Fortunately, today he has good friends who he can be himself around (many of them share his music taste, they also skate together).
Nowadays, most of the homophobia he faces comes from online comments.
He says there is a toxic online culture underneath most drill videos which will drown out any chance of calling out homophobia in the lyrics.
“Who’s going to criticise them? To be a gay person and to criticise a straight rapper. You’re just going to get a load of hate in the comments. If you directly message them they’re not going to take notice of you either.”
But recently he’s become hopeful, he’s noticed a safe space developing underneath his own videos: “You know I like the comments section on my videos because there’s a load of people there from the gay community.

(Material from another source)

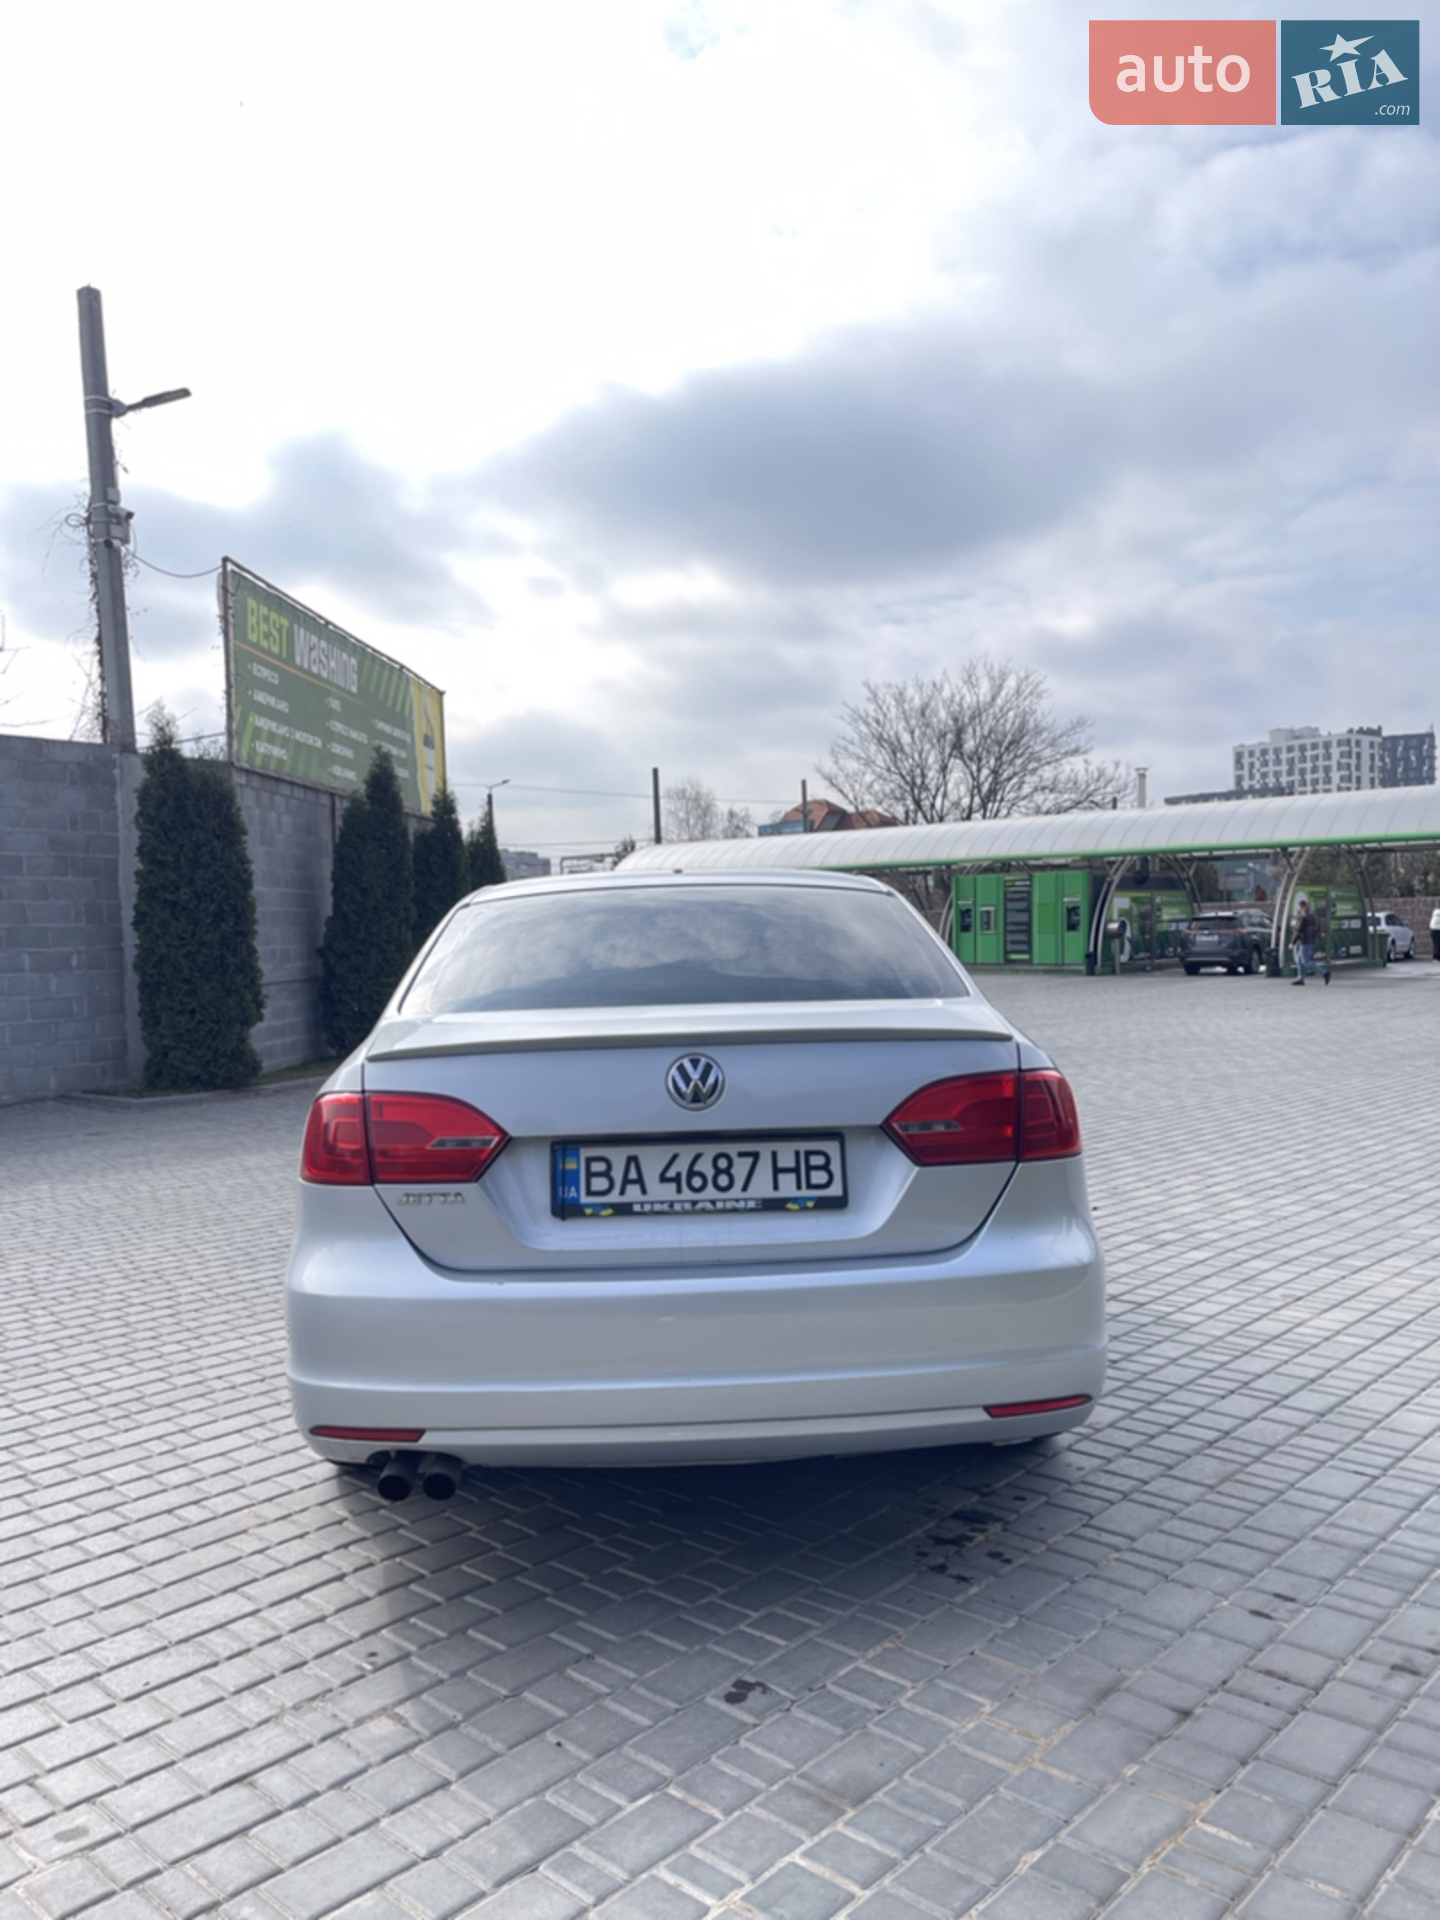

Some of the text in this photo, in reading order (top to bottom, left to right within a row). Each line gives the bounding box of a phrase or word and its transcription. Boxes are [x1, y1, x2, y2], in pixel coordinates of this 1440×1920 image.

[246, 596, 289, 660] BEST
[584, 1148, 835, 1198] BA 4687 HB
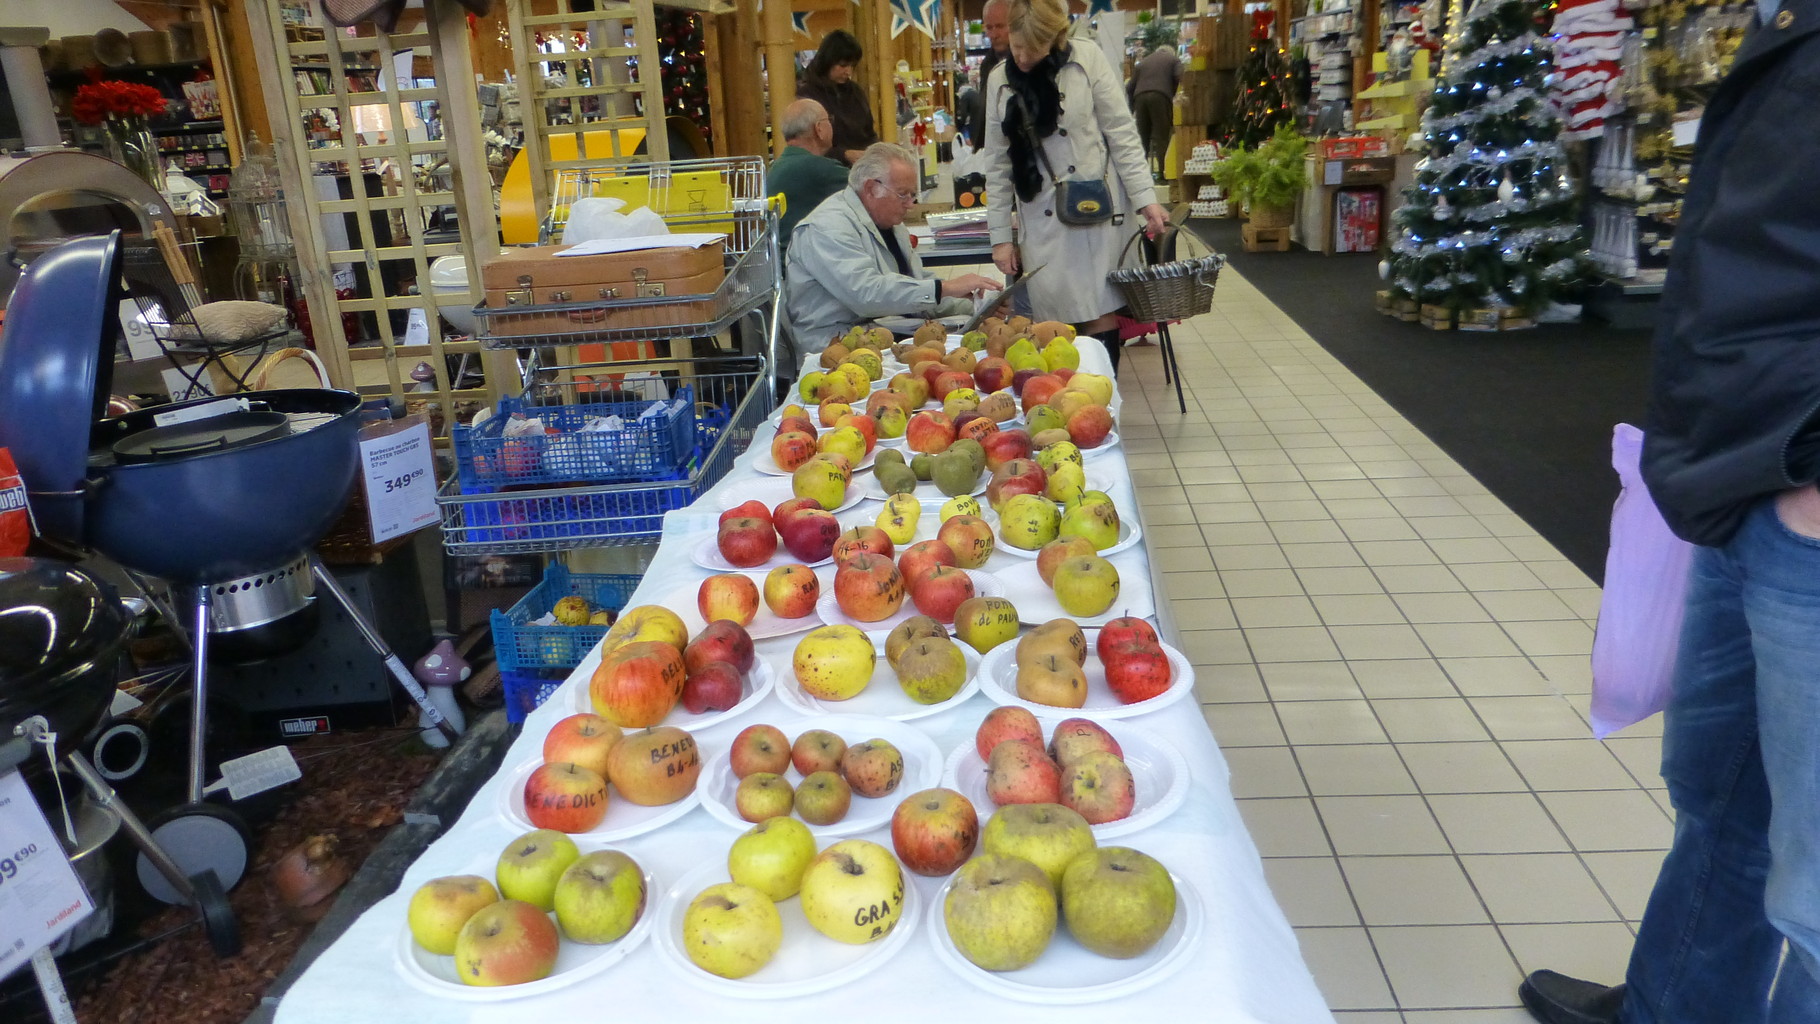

“I noticed this the other day, I thought my comments section is so different from other comment sections. I just see people being themselves. There’s no comment section in the rap scene I feel where you get a load of people talking about being gay.
“So it’s great that people can have a safe space. Where they know that if someone does attack them there’s a hundred other people from the LGBT community that are going to back them.”
Some might warn you not to waste time contributing to online arguments but Mr Strange has different advice: “If you do see someone getting picked on in a comment section go to back them.”
He believes there’s strength in numbers and you should give the right person your vote.